Ее раздражала Марусина манера употреблять в разговоре народные слова: «по грибочки», «прошла задами», «подмочь» и вместе с ними слова вроде: «сенсибельный», «абсентеизм», «комплекс неполноценности».

– Да-а, – протяжно сказала Вера, – сегодня привезли раненых, они рассказывали жуткие дела. Драп идет полным ходом.

– Вера, не повторяй слухов! Нет, я не такой была в твои годы, – сказала высоким от волнения голосом Мария Николаевна.

– А ну тебя, мама! Раненые ведь рассказывают! Я-то тут при чем? И при чем тут мои годы? – проговорила Вера.

Мария Николаевна посмотрела на дочь и ничего не ответила.

В последнее время споры с Марией Николаевной происходили все чаще, обычно их начинал Сережа, иногда Вера принималась ей возражать, говорила: «Ах, мама, ты не знаешь, а споришь!» Это было непривычно Марии Николаевне, волновало и огорчало ее.

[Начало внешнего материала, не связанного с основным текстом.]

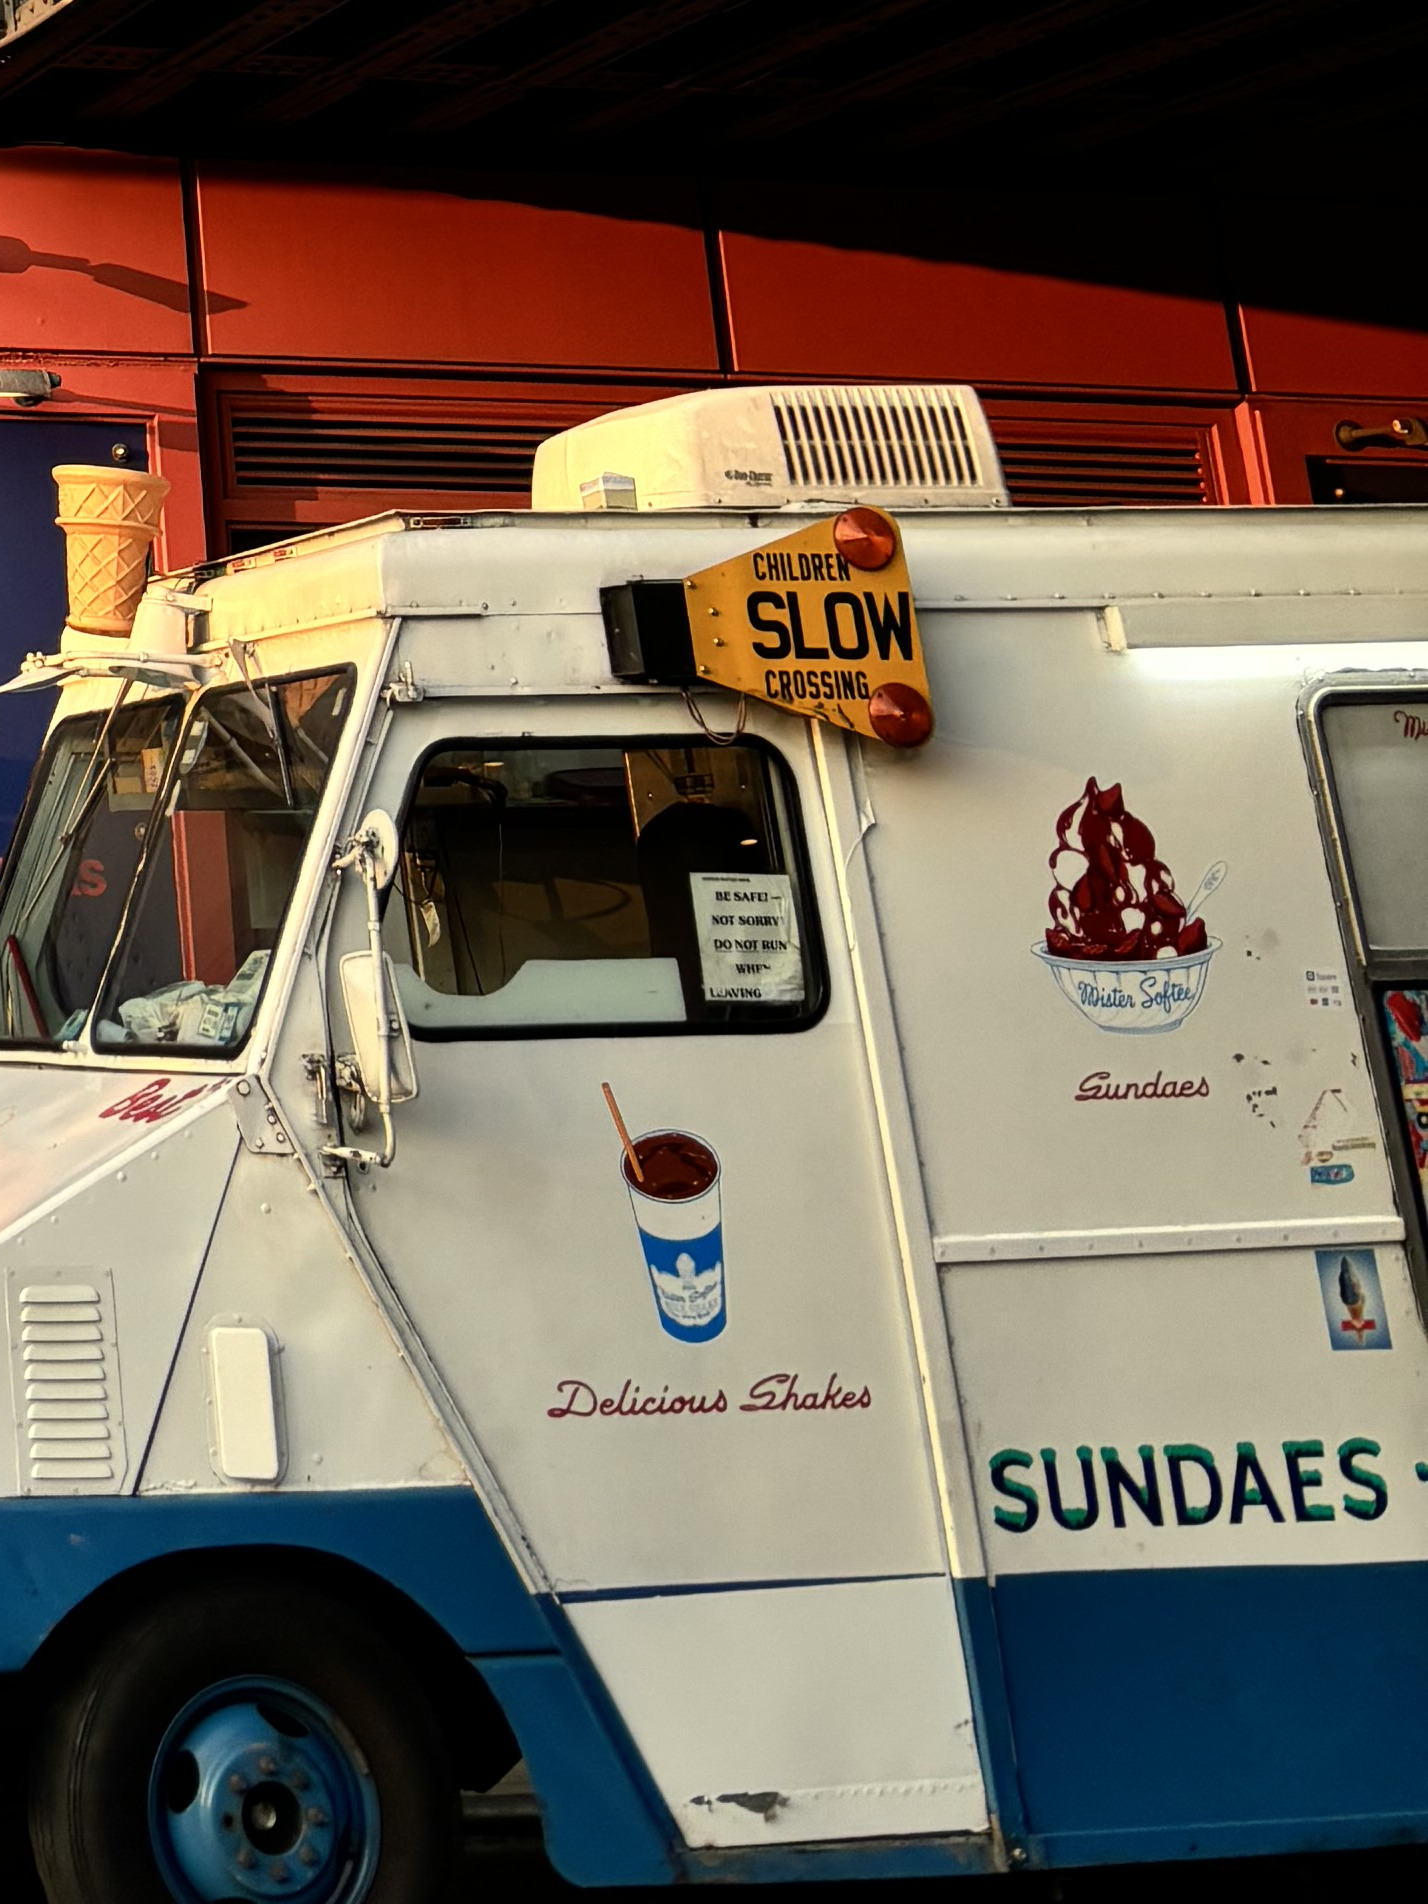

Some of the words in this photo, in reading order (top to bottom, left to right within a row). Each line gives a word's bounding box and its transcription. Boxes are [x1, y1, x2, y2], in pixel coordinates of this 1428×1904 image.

[753, 552, 852, 582] CHILDREN
[746, 590, 914, 661] SLOW
[764, 670, 870, 700] CROSSING
[712, 915, 735, 926] NOT
[714, 938, 732, 950] DO
[734, 939, 759, 951] NOT
[761, 940, 788, 951] RUN
[1078, 980, 1136, 1010] Mister
[1140, 976, 1194, 1013] Softee
[1074, 1070, 1210, 1102] Sundaes
[547, 1378, 728, 1418] Delicious
[739, 1372, 873, 1412] Shakes
[988, 1436, 1389, 1533] SUNDAES

В это время в комнату поспешно вошел Сережа.

– Наконец, а я-то волнуюсь ужасно, – радостно сказала Александра Владимировна. – Где ты был?

– Бабуля, готовьте мне вещевой мешок, я послезавтра ухожу с рабочим батальоном на рытье окопов! – громко, задыхаясь, объявил Сережа, вынул из ученического билета бумажку и положил ее на стол, подобно игроку, выбрасывающему перед опешившими партнерами козырного туза.

Степан Федорович развернул бумажку и, как человек опытный и знающий «бумажное дело», внимательно, начав от штампа с номером и числом, стал рассматривать ее.

Сережа, снисходительно улыбаясь, уверенный в полновесной ценности документа, сверху вниз глядел на сощуренные глаза и наморщенный лоб Степана Федоровича.

Маруся и Женя в это время забыли о ссоре и понимающе переглянулись, тайком наблюдая за матерью.

 

Сережа был главной привязанностью Александры Владимировны: его глаза, тревожный, по-взрослому сильный и по-детски непосредственный прямой ум, его застенчивость, соединенную со страстностью, детскую доверчивость, соединенную со скептицизмом, доброту и вспыльчивость – все это боготворила в нем Александра Владимировна. Как-то она сказала Софье Осиповне: «Знаешь, Соня, вот мы подошли к старости, покидаем жизнь, не мирный сад, а жизнь в огне, война бушует, но я, старуха, по-прежнему так же верю в силу революции, верю в победу над фашизмом, верю в силу тех, кто держит знамя народного счастья и свободы. И мне кажется, что Сережа из этой породы. Вот за это я как-то особенно люблю его».

Но дело в том, что любовь Александры Владимировны к внуку была прежде всего безотчетной, нерассуждающей, а следовательно, и настоящей любовью.

Эту любовь знали все близкие ее, она трогала их, но и сердила; она вызывала бережное и в то же время ревнивое чувство, как это часто бывает в больших семьях. Иногда дочери говорили с тревогой: «Если с Сережей что-нибудь приключится, мама не переживет».

Иногда говорили с сердцем: «О господи, нельзя все-таки так дрожать над этим мальчишкой!»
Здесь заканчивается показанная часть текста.